== What to do ==
Please restate every record below word for word and skip the pictures.

*** Material supplied ***

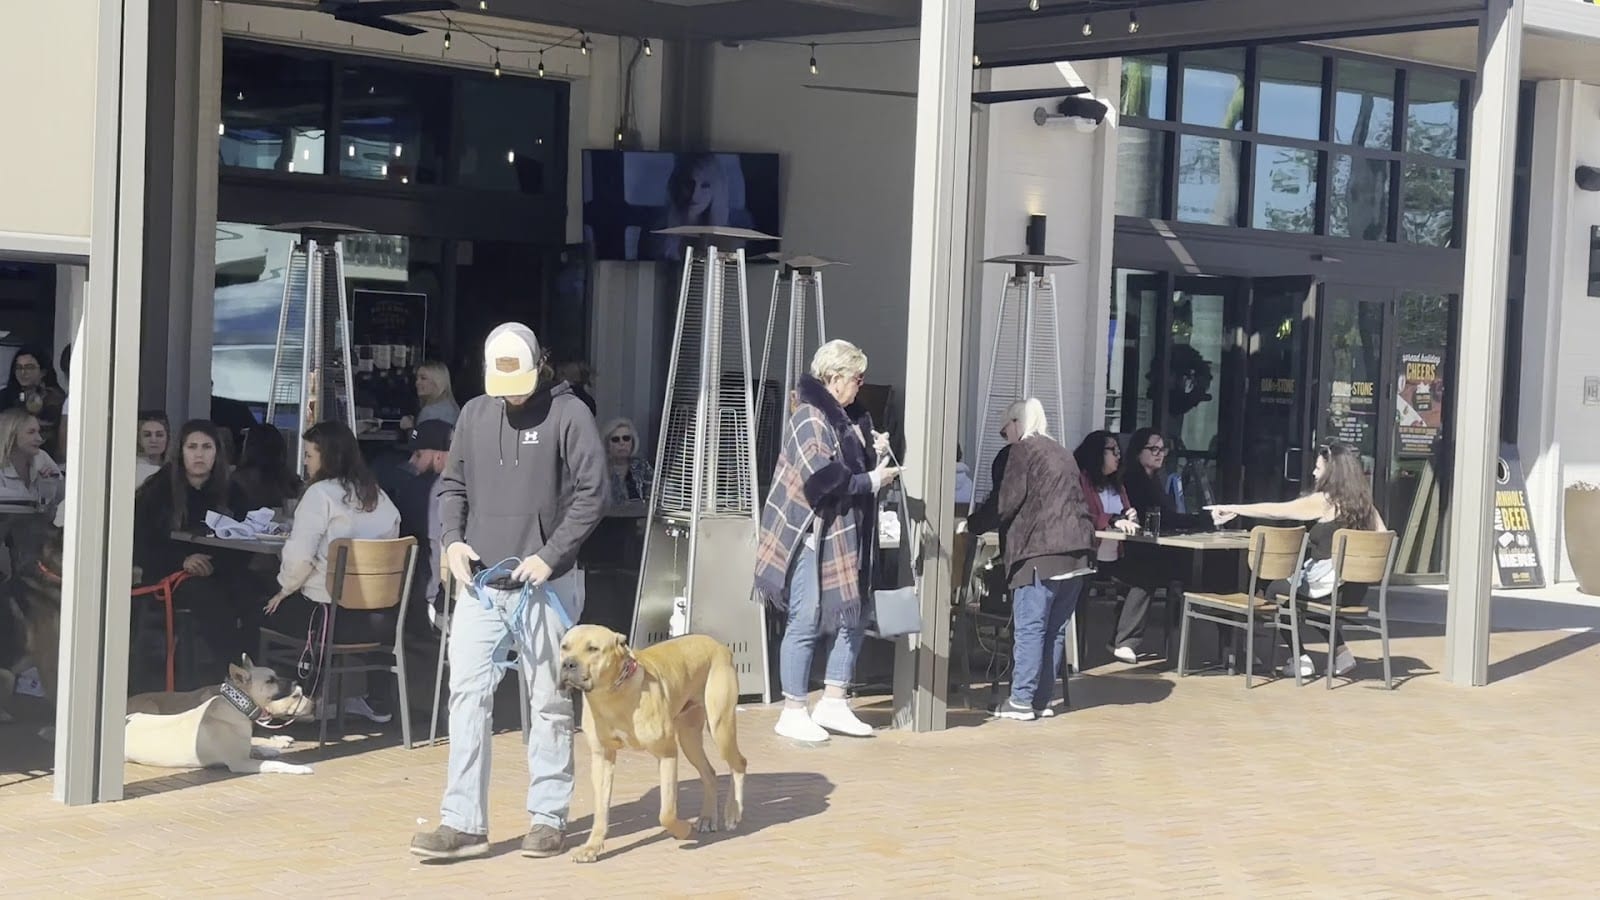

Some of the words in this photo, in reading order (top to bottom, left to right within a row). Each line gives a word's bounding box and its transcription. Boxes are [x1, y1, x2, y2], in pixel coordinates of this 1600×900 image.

[1406, 363, 1436, 381] CHEERS
[1352, 382, 1374, 396] STONE
[1501, 508, 1530, 531] BEER
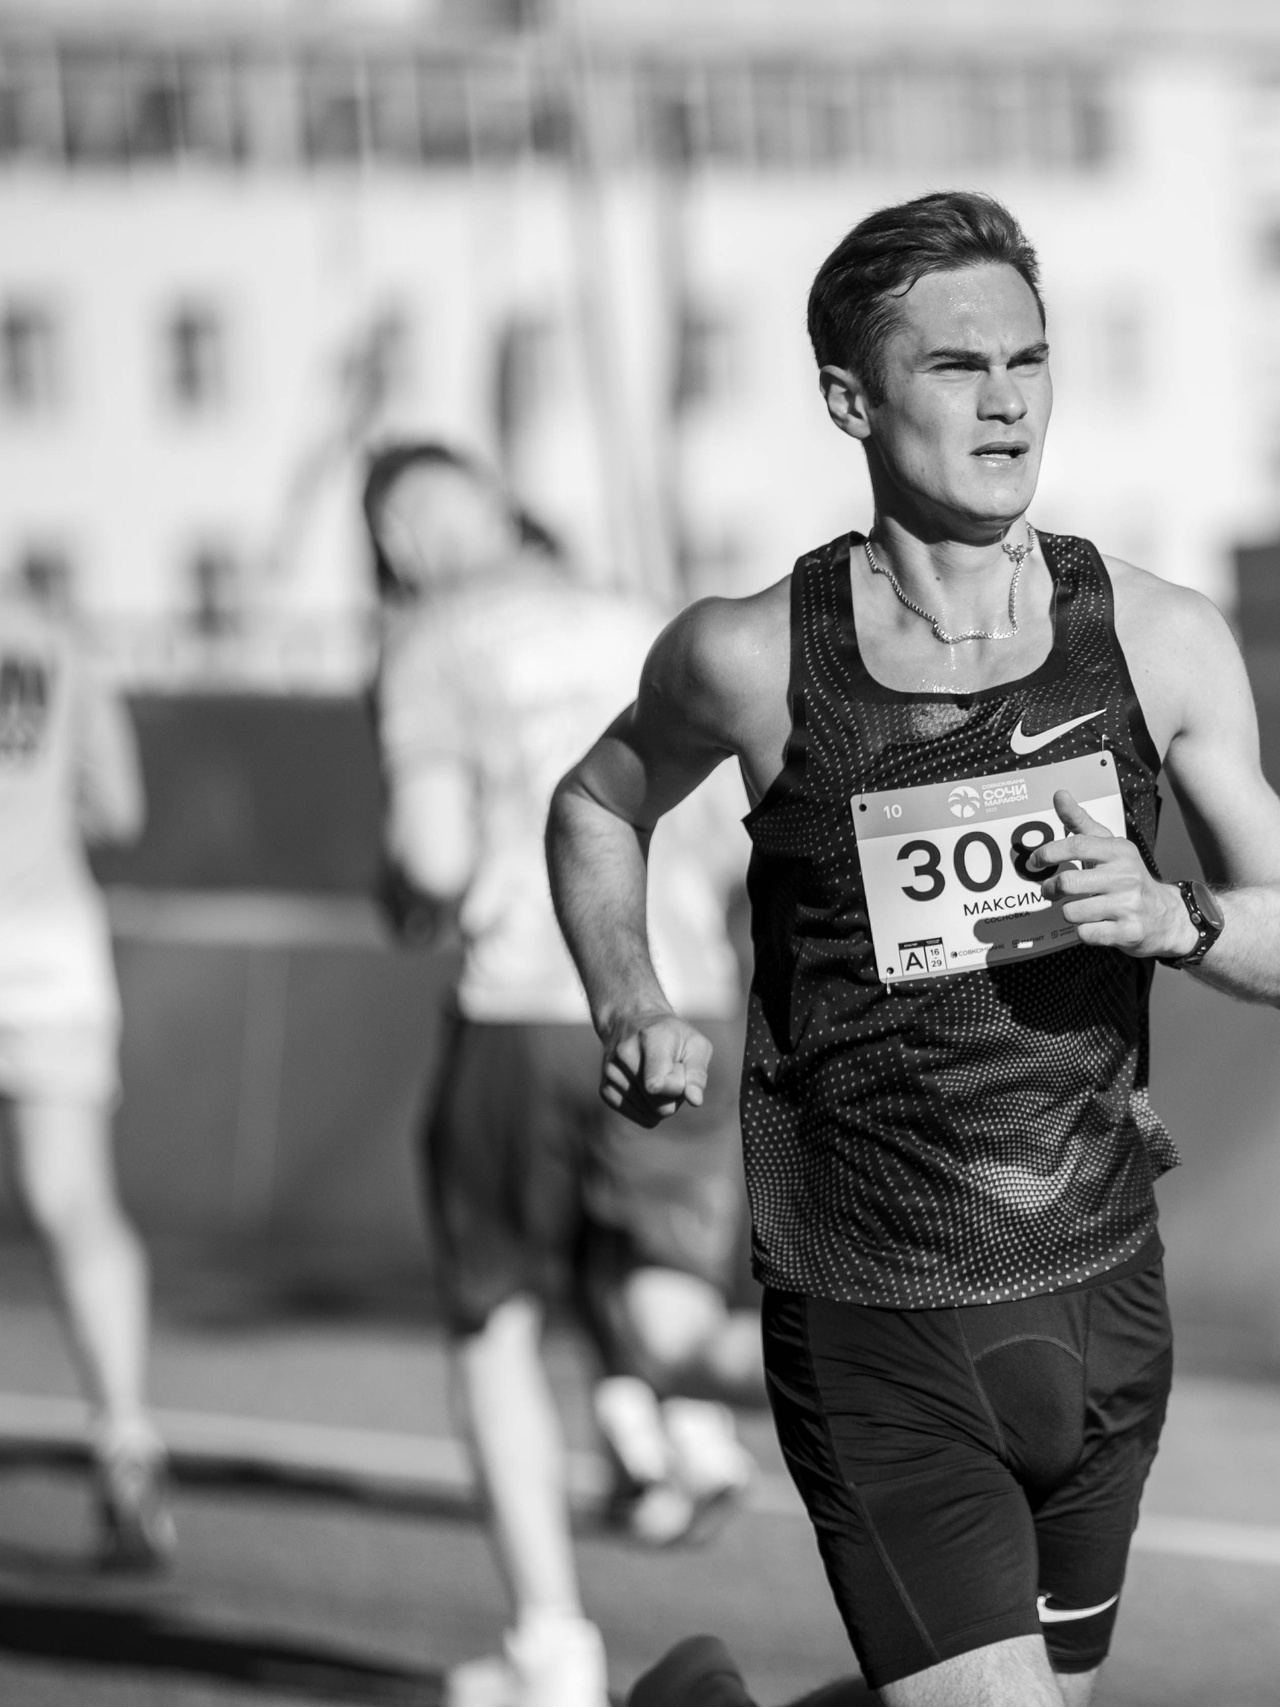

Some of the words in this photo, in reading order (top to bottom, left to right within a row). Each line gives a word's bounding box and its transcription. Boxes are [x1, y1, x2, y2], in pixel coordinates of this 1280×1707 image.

*** End of Material supplied ***

== Exercise result ==
Some of the words in this photo, in reading order (top to bottom, left to right within a row). Each line gives a word's bounding box and its transcription. Boxes are [x1, y1, x2, y2], in pixel coordinates of this 1600×900 image.

[1406, 363, 1436, 381] CHEERS
[1352, 382, 1374, 396] STONE
[1501, 508, 1530, 531] BEER

Some of the words in this photo, in reading order (top to bottom, left to right within a row). Each line gives a word's bounding box and its transcription. Boxes are [x1, y1, x2, y2], in pixel coordinates of this 1280×1707 image.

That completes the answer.